::: Material provided :::

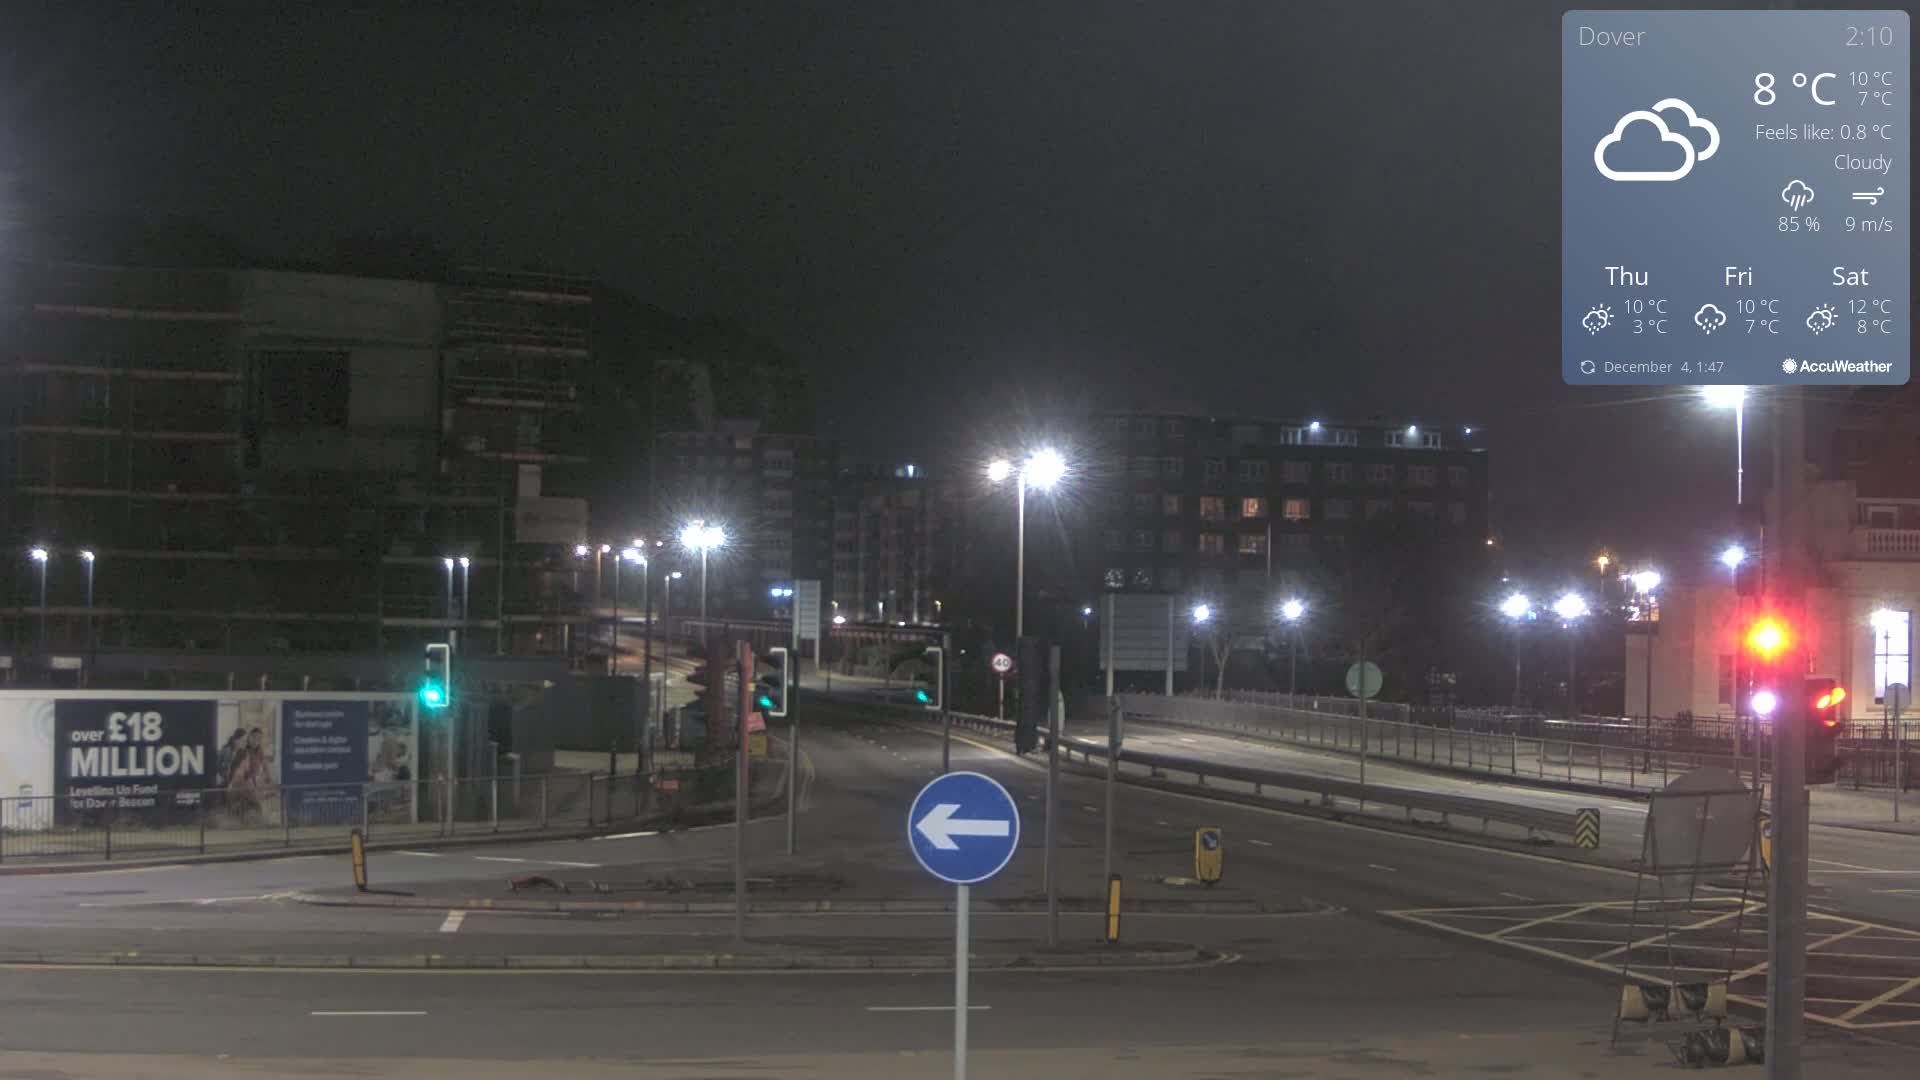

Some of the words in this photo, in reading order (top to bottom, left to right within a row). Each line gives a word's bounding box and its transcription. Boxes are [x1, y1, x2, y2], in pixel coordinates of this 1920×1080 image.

[71, 730, 104, 742] over
[108, 711, 162, 742] £18
[71, 745, 204, 777] MILLION
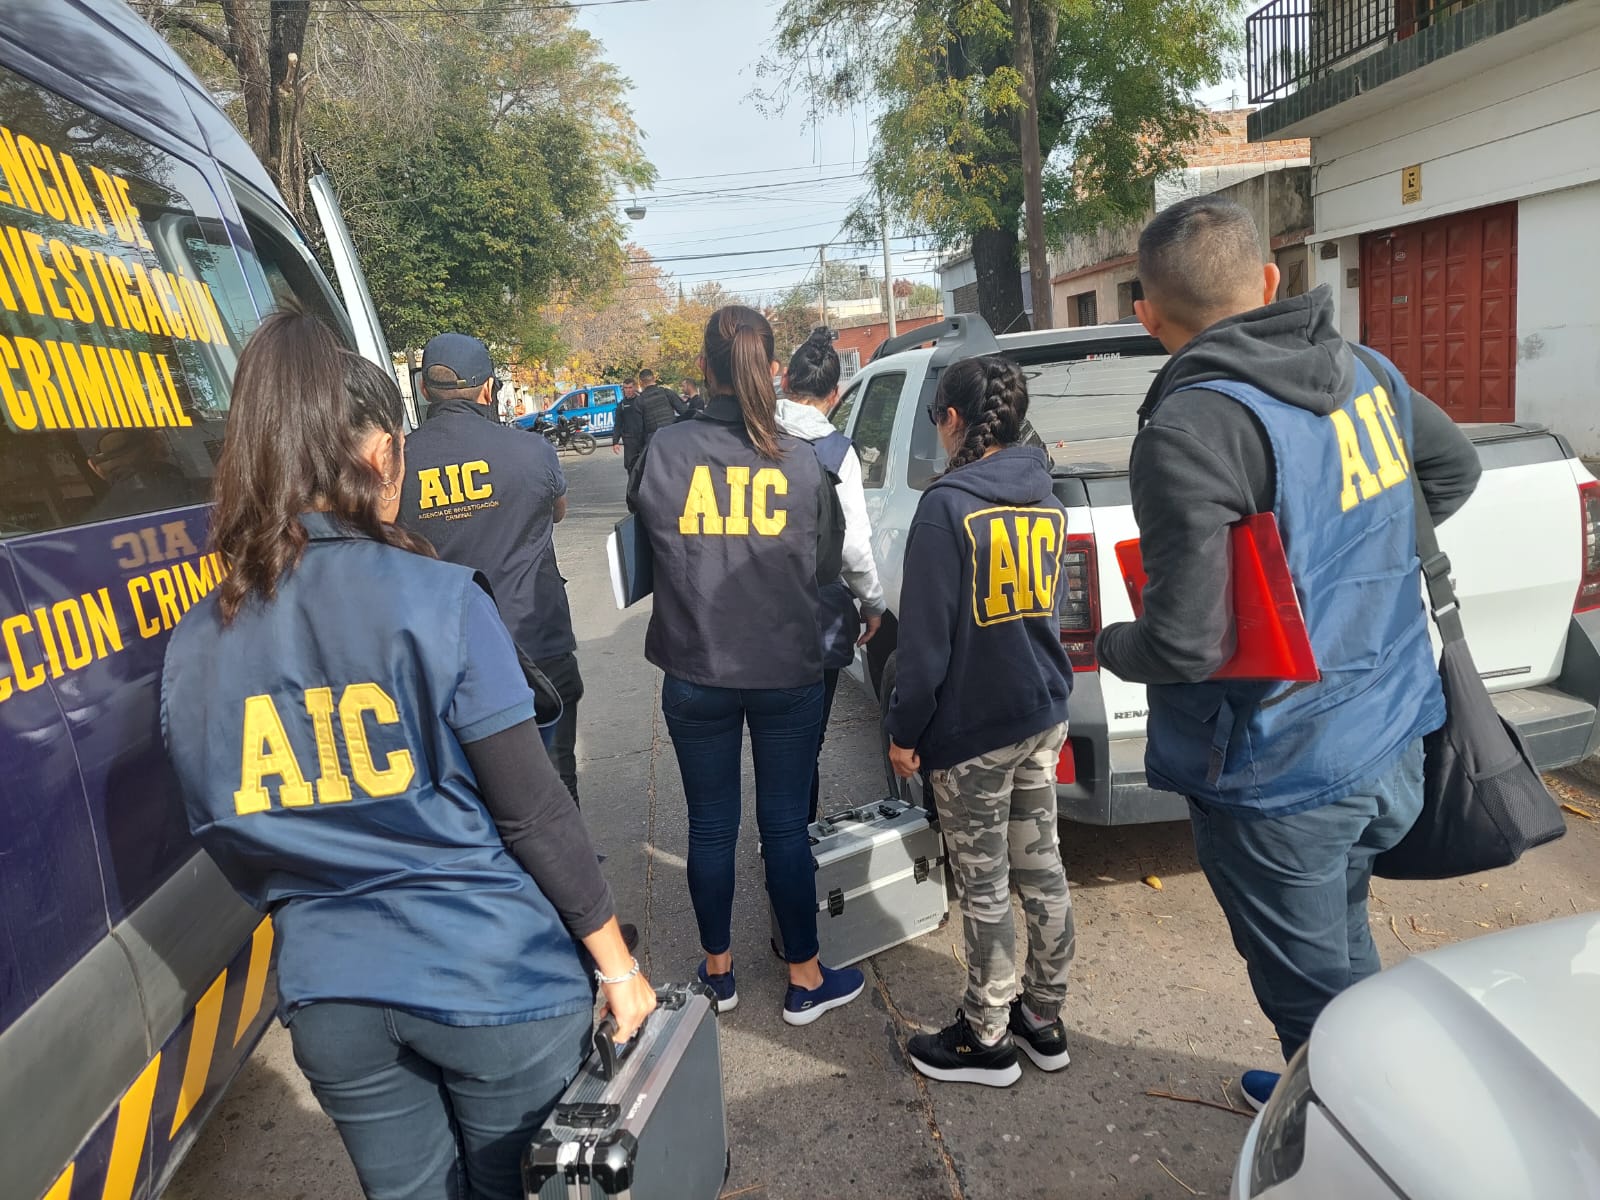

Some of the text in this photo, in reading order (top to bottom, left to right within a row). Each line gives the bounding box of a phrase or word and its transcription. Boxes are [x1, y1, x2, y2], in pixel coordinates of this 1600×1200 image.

:::

Task brief: Without including any pictures, reproduce the data exactly.

Finished task:
Some of the words in this photo, in reading order (top to bottom, left to right within a row). Each line gives a word's bounding box and its transcription. Boxes are [x1, y1, x2, y2], in pixel coordinates of this 1920×1080 image.

[71, 730, 104, 742] over
[108, 711, 162, 742] £18
[71, 745, 204, 777] MILLION

Some of the text in this photo, in reading order (top to bottom, left to right within a row). Each line gives the bounding box of a phrase or word and its transcription. Boxes are [x1, y1, x2, y2], in pixel coordinates of this 1600×1200 image.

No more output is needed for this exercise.